Advocacy Update- October 2021

To save the life of a cortisol deficient person in the event of an adrenal crisis, an emergency cortisol injection must be administered. But unfortunately most EMS personal in the United States are not only unware of this, but are not legally allowed to administer patient medication and most ambulances do not carry emergency cortisol injections onboard.

Adrenal Alternatives Foundation is actively working to change this on a federal, state and local level! We recently visited the campus of EMC Medical Training – Emergency Medical Consultants to provide materials and education on how to recognize and treat an adrenal crisis. This school not only trains EMS personnel but also offers CPR, First Aid, IV Therapy, Phlebotomy, EKG and Emergency Airway Management to all medical professionals.

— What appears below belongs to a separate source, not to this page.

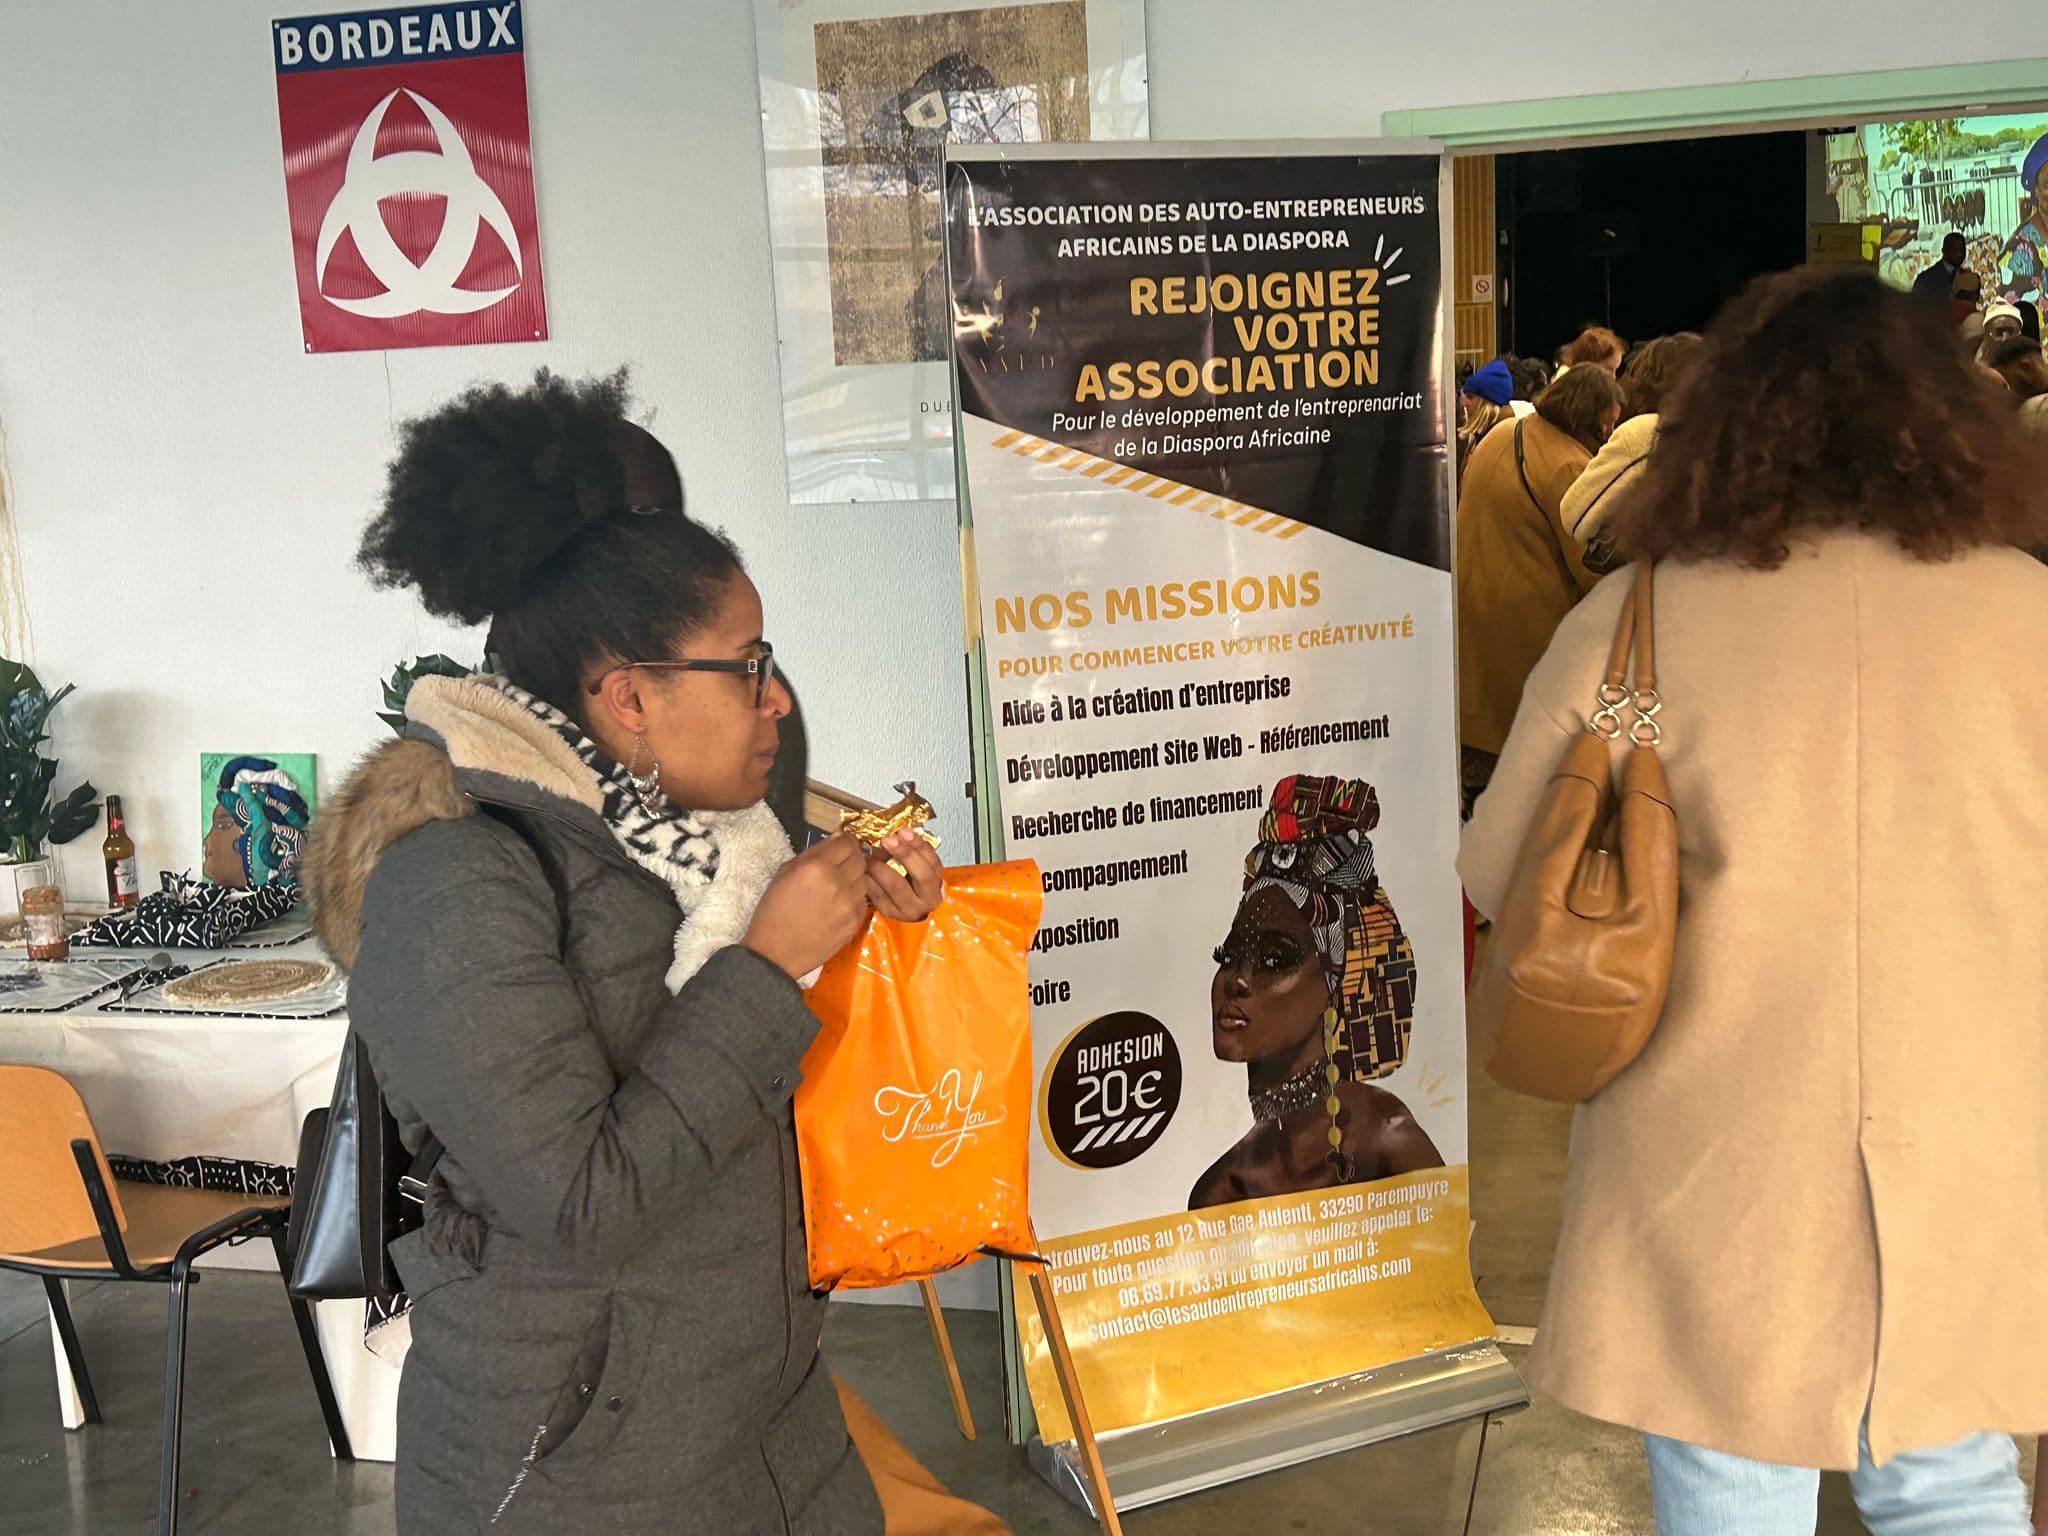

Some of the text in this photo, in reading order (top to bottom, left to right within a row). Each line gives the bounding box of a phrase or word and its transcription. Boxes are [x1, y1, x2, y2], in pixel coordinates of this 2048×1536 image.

Our goal in providing this school with copies of Adrenal Insufficiency 101 and pamphlets on how to manage an adrenal crisis is to prepare medical professionals who attend their classes to be able to recognize an adrenal crisis and how to administer an emergency injection.

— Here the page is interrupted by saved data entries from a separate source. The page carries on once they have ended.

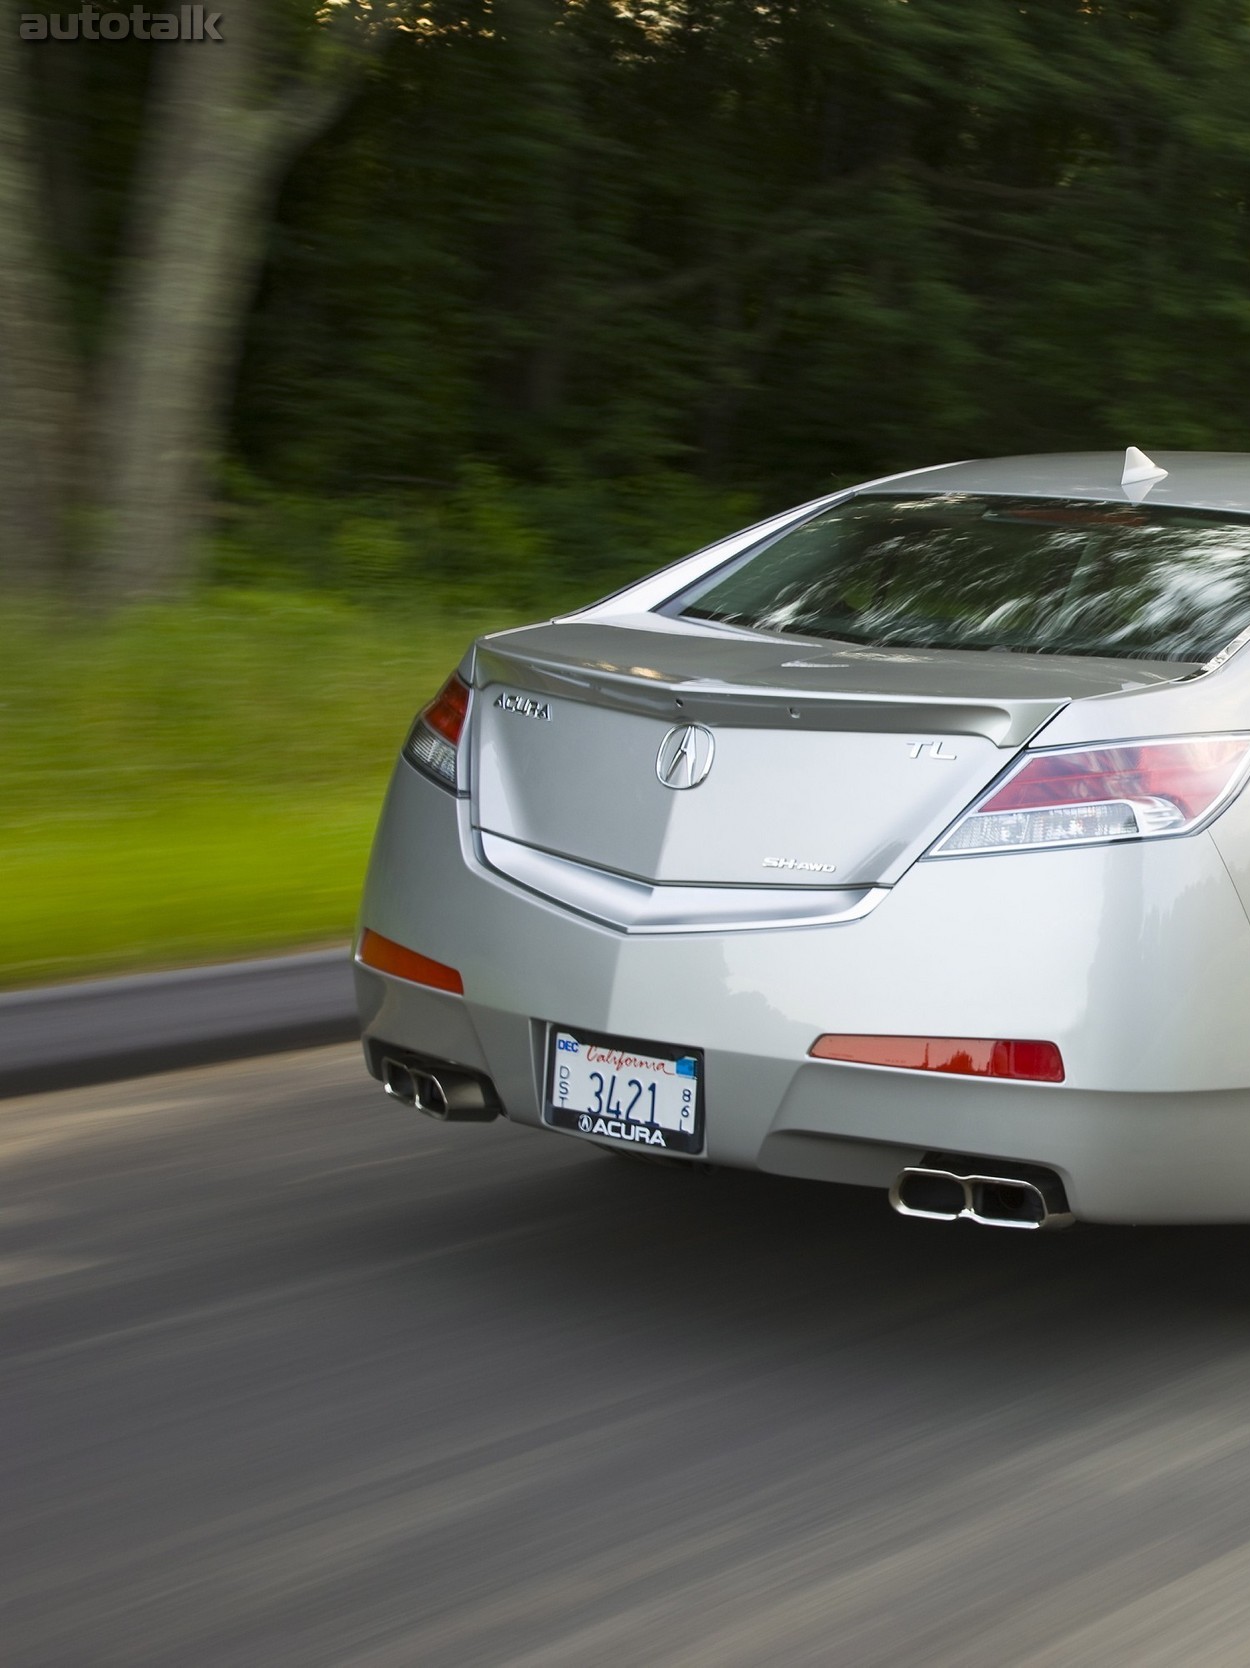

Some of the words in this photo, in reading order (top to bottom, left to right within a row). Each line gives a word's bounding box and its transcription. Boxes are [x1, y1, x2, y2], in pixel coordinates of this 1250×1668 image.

[493, 692, 551, 721] ACURA
[906, 741, 957, 760] TL
[558, 1039, 579, 1053] DEC
[586, 1045, 675, 1075] California
[587, 1071, 661, 1128] 3421
[593, 1119, 667, 1147] ACURA

Photo of EMC Instructor Lauren and AAF team member, Winslow E. Dixon

You can get involved too! Call or visit your local fire house and EMS station and advocate that they add adrenal crisis protocols. You can download full instructions on How to add Adrenal Crisis Protocols to your city’s EMS program from our website.

We appreciate all contributions which allow us to further our mission, improving access and awareness to all cortisol care options.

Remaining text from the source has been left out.